[What this task involves] Every picture is to be removed, and all the data is to be copied exactly.

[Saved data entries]
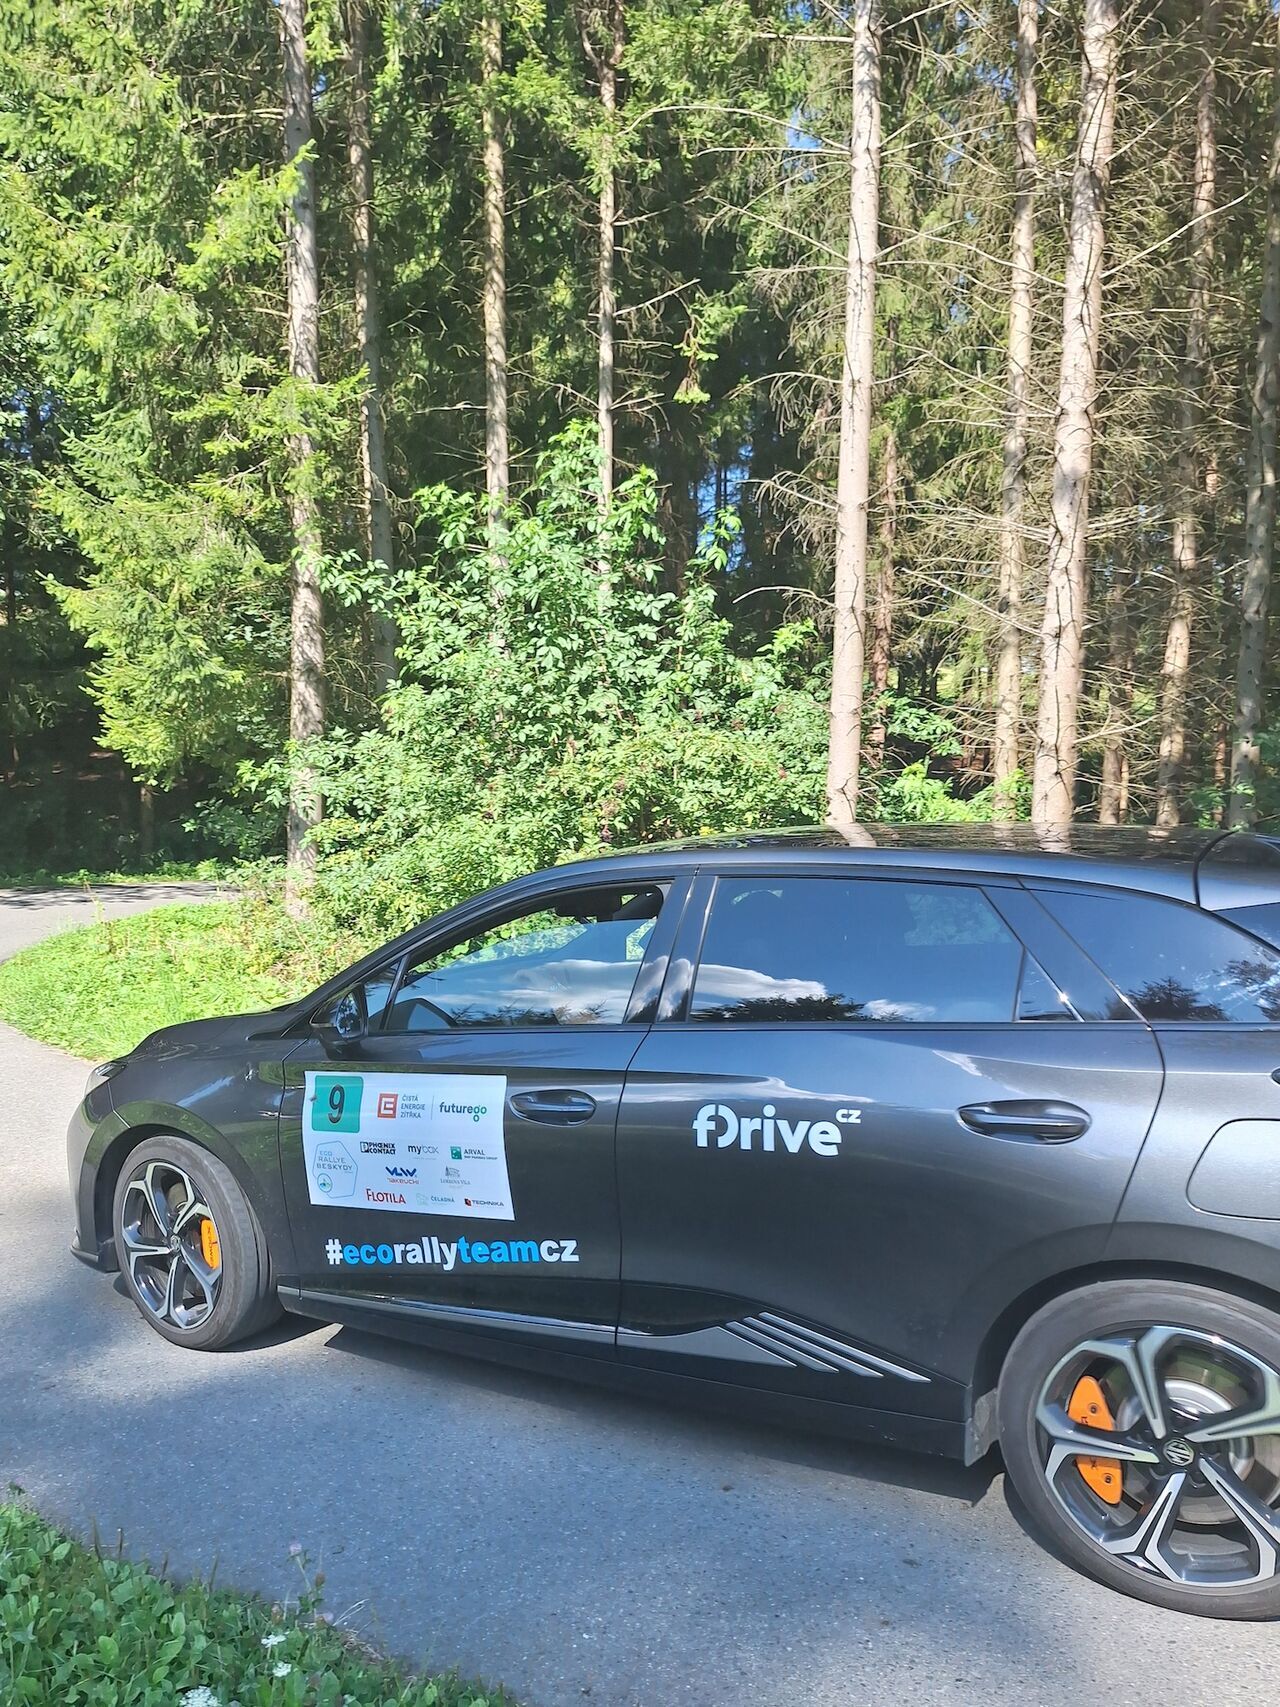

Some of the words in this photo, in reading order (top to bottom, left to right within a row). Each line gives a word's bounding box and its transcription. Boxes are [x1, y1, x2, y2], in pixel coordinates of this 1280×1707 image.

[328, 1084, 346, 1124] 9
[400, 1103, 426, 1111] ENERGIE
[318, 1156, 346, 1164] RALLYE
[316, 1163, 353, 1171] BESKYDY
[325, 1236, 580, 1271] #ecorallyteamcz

[Solution to this problem]
Some of the words in this photo, in reading order (top to bottom, left to right within a row). Each line gives a word's bounding box and its transcription. Boxes are [x1, y1, x2, y2], in pixel coordinates of this 1280×1707 image.

[328, 1084, 346, 1124] 9
[400, 1103, 426, 1111] ENERGIE
[318, 1156, 346, 1164] RALLYE
[316, 1163, 353, 1171] BESKYDY
[325, 1236, 580, 1271] #ecorallyteamcz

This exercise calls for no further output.